Clemons: Heroism is not being hung on D.C. right now. It’s emerging in other places. And I’m wondering, given what you just said, who do you see as the heroes in this time?
Hollingsworth: The reality is I go around the district and talk to people all the time. Now it’s been virtually, it’s been over the phone over the last month or so, but I have never once in any of my town halls in any of my meetings, in any of my round tables, I have never once heard somebody respond when I asked the question, “Where is the greatness of America? What creates America’s greatness?” I’ve never once heard anybody, whether they’re in elementary school or whether they are a senior citizens group in a nursing home, I’ve never heard them say it’s 535 politicians in D.C. Nobody thinks that Washington is the reason this country is great.
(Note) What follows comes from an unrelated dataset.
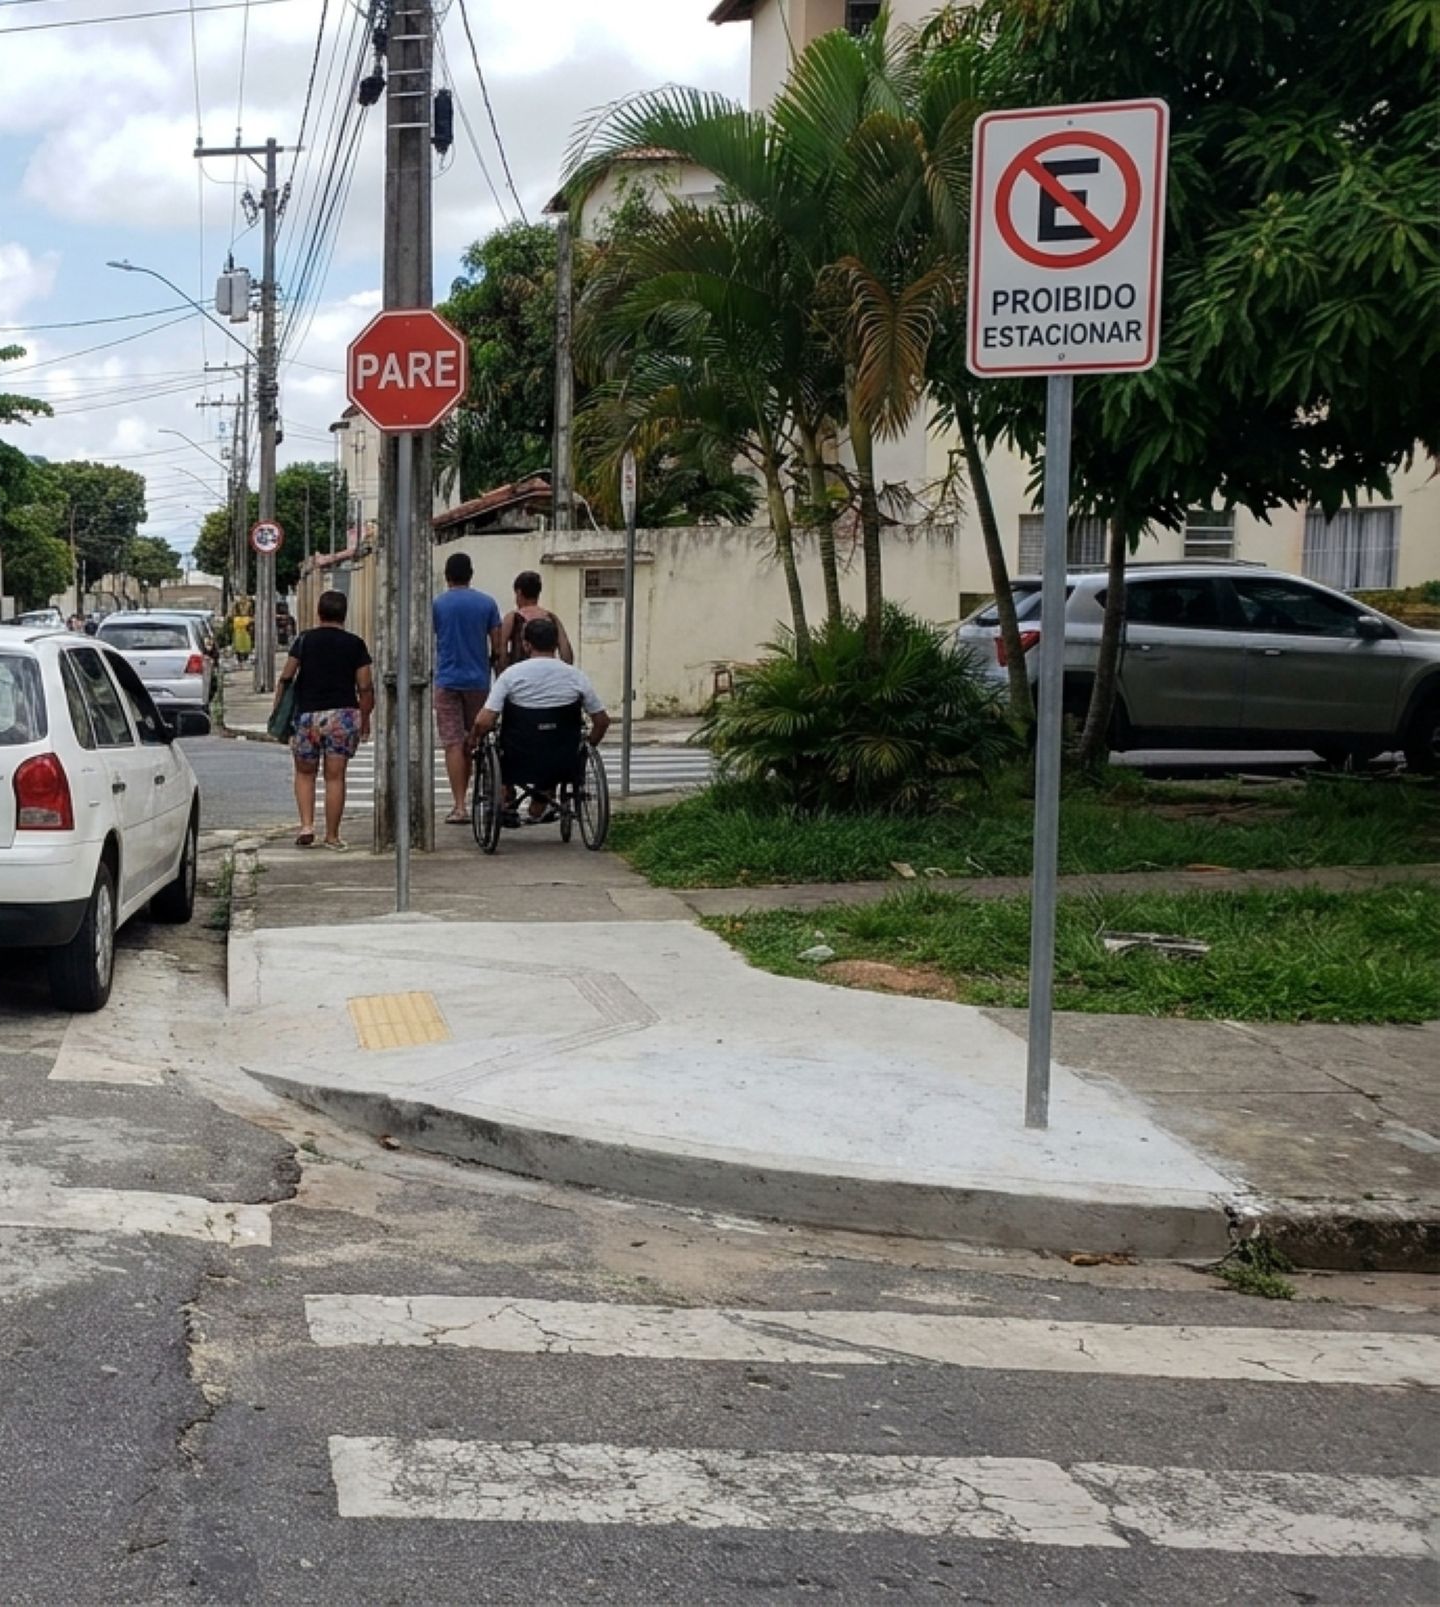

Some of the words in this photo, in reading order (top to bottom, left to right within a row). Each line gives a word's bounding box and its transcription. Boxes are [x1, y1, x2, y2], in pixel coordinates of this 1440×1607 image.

[1037, 157, 1101, 242] E
[992, 283, 1136, 316] PROIBIDO
[983, 320, 1143, 348] ESTACIONAR
[357, 350, 456, 390] PARE
What I hear from people is that it is hard working Americans getting up every single day, doing their jobs, creating their better futures, leading their churches, leading their communities, helping out in health care, giving of their time to help our senior citizens, that is what makes this country great, it is what has always made this country great. In this crisis that has come to the forefront is our health care heroes have stepped up and said, “I will stand between America and the widespread epidemic.” As our firefighters, our police officers do what they can to get food to our senior citizen so that they don’t have to get out and risk it themselves. I’ve seen unbelievable acts of small businesses that have stopped making alcohol and started making hand sanitizer and giving that away. We have seen tremendous examples of Americans stepping up, and it is what has made this country great for 240 years and what will make this country great for the next 240 years. It’s Americans, generation after generation, continuing to step up in spite, not because of, but in spite of what they see in Washington, D.C.